Aim of the task |
If a picture appears in the records below, drop it, and reproduce everything else exactly.

---- Available data

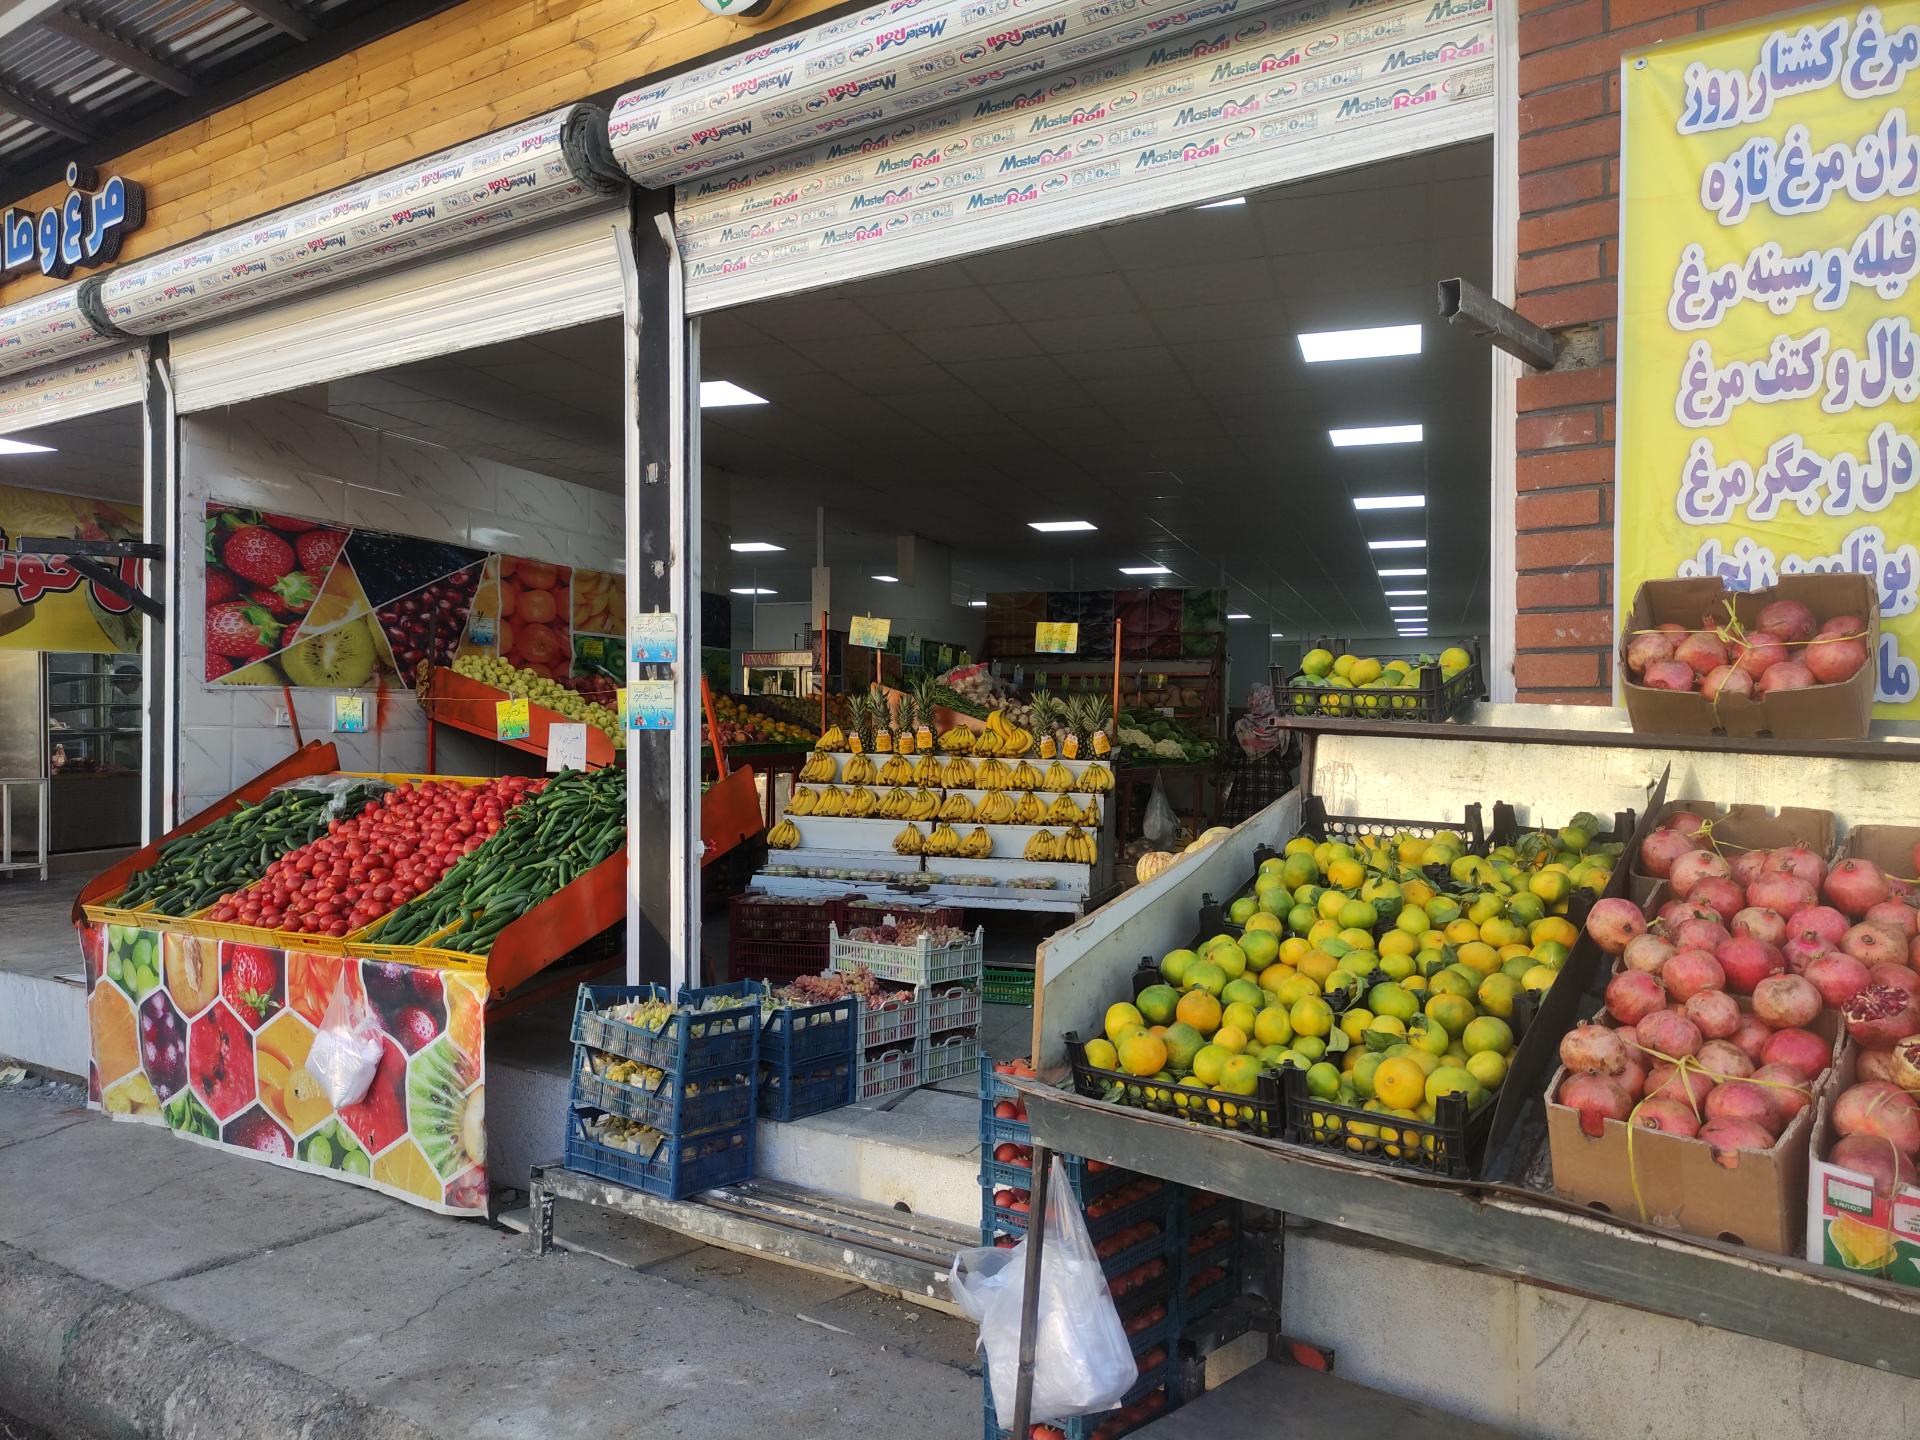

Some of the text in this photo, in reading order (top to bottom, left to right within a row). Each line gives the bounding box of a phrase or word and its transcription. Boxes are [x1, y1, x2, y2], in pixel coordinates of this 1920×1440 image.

[1425, 0, 1493, 23] Master
[876, 18, 948, 51] MasterRoll
[986, 19, 1067, 52] MasterRoll
[745, 37, 807, 65] MasterRoll
[1145, 34, 1231, 68] MasterRoll
[1381, 34, 1484, 73] MasterRoll
[968, 59, 1046, 86] MasterRoll
[1210, 48, 1300, 83] MasterRoll
[1684, 13, 1919, 128] مرغ کشتار روز
[732, 71, 793, 99] MasterRoll
[828, 74, 897, 102] MasterRoll
[974, 88, 1046, 118] MasterRoll
[1173, 95, 1260, 127] MasterRoll
[1336, 83, 1437, 119] MasterRoll
[816, 109, 883, 132] MasterRoll
[1029, 103, 1105, 133] MasterRoll
[692, 120, 752, 146] MasterRoll
[826, 135, 889, 160] MasterRoll
[999, 144, 1073, 173] MasterRoll
[1135, 138, 1220, 168] MasterRoll
[875, 149, 940, 175] MasterRoll
[1708, 116, 1918, 218] ران مرغ تازه
[421, 166, 465, 187] MasterRoll
[488, 173, 537, 194] MasterRoll
[697, 175, 752, 197] MasterRoll
[740, 190, 798, 212] MasterRoll
[850, 186, 913, 211] MasterRoll
[966, 184, 1038, 210] MasterRoll
[0, 161, 125, 275] مرغ و ما
[392, 205, 436, 226] MasterRoll
[720, 221, 775, 243] MasterRoll
[821, 223, 882, 246] MasterRoll
[693, 256, 746, 277] MasterRoll
[1675, 215, 1917, 324] فیله و سینه مرغ
[1683, 322, 1915, 421] بال و کتف مرغ
[1684, 430, 1914, 517] دل و جگر مرغ
[1786, 534, 1911, 610] بوقل
[1880, 640, 1910, 696] ما
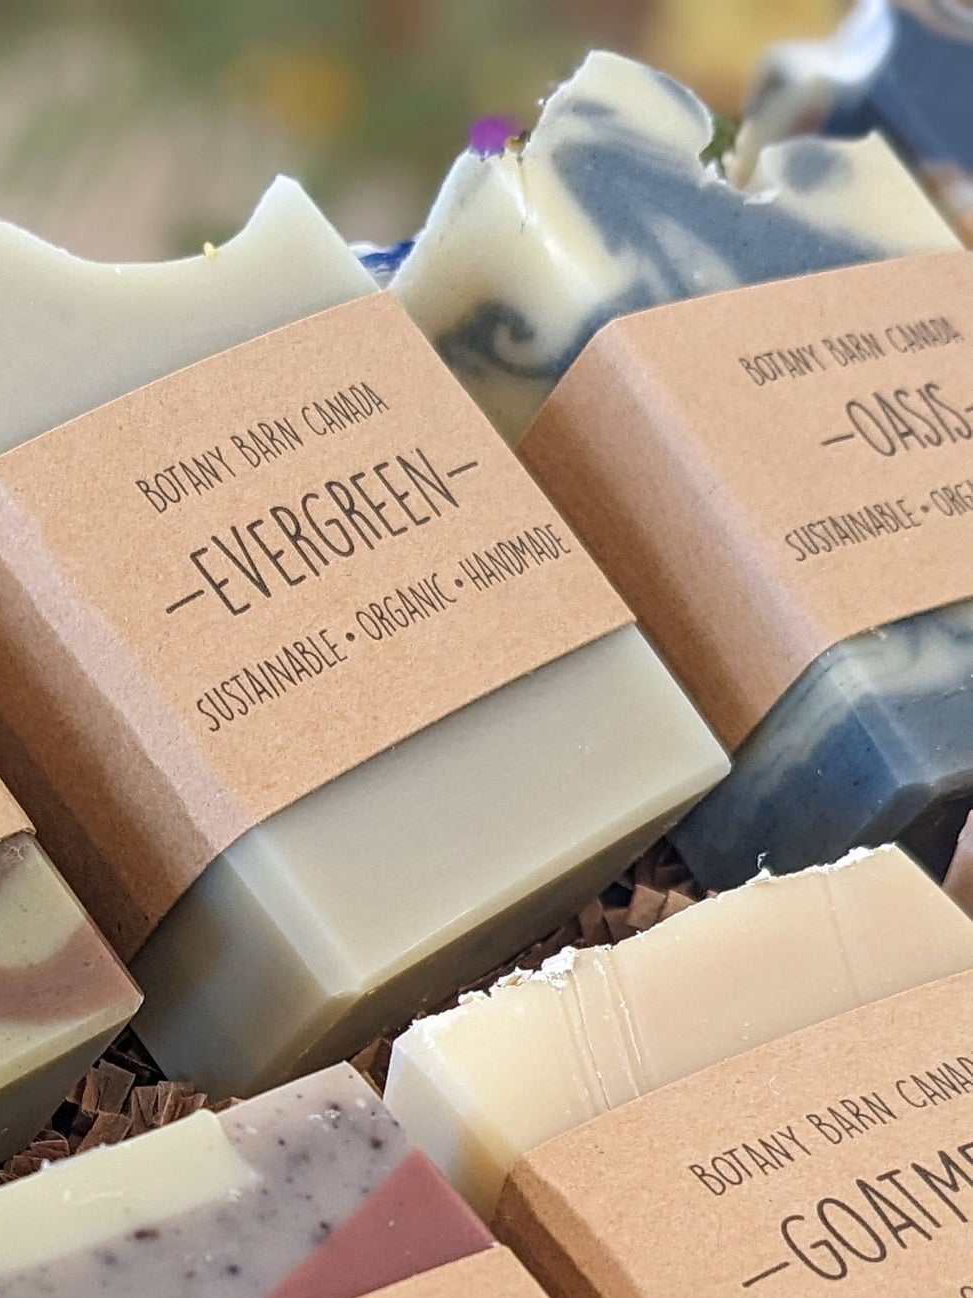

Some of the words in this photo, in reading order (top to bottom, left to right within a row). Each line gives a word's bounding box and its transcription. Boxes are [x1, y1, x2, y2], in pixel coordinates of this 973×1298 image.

--------

Response to this exercise |
Some of the text in this photo, in reading order (top to bottom, left to right within a row). Each line gives the bounding box of a phrase or word and its transcription. Boxes are [x1, y1, x2, y2], in pixel coordinates of this 1920×1440 image.

[1425, 0, 1493, 23] Master
[876, 18, 948, 51] MasterRoll
[986, 19, 1067, 52] MasterRoll
[745, 37, 807, 65] MasterRoll
[1145, 34, 1231, 68] MasterRoll
[1381, 34, 1484, 73] MasterRoll
[968, 59, 1046, 86] MasterRoll
[1210, 48, 1300, 83] MasterRoll
[1684, 13, 1919, 128] مرغ کشتار روز
[732, 71, 793, 99] MasterRoll
[828, 74, 897, 102] MasterRoll
[974, 88, 1046, 118] MasterRoll
[1173, 95, 1260, 127] MasterRoll
[1336, 83, 1437, 119] MasterRoll
[816, 109, 883, 132] MasterRoll
[1029, 103, 1105, 133] MasterRoll
[692, 120, 752, 146] MasterRoll
[826, 135, 889, 160] MasterRoll
[999, 144, 1073, 173] MasterRoll
[1135, 138, 1220, 168] MasterRoll
[875, 149, 940, 175] MasterRoll
[1708, 116, 1918, 218] ران مرغ تازه
[421, 166, 465, 187] MasterRoll
[488, 173, 537, 194] MasterRoll
[697, 175, 752, 197] MasterRoll
[740, 190, 798, 212] MasterRoll
[850, 186, 913, 211] MasterRoll
[966, 184, 1038, 210] MasterRoll
[0, 161, 125, 275] مرغ و ما
[392, 205, 436, 226] MasterRoll
[720, 221, 775, 243] MasterRoll
[821, 223, 882, 246] MasterRoll
[693, 256, 746, 277] MasterRoll
[1675, 215, 1917, 324] فیله و سینه مرغ
[1683, 322, 1915, 421] بال و کتف مرغ
[1684, 430, 1914, 517] دل و جگر مرغ
[1786, 534, 1911, 610] بوقل
[1880, 640, 1910, 696] ما

Some of the words in this photo, in reading order (top to bottom, left to right within a row). Each line gives a word's bounding box and its transcription. Boxes are [x1, y1, x2, y2], in pixel coordinates of this 973×1298 image.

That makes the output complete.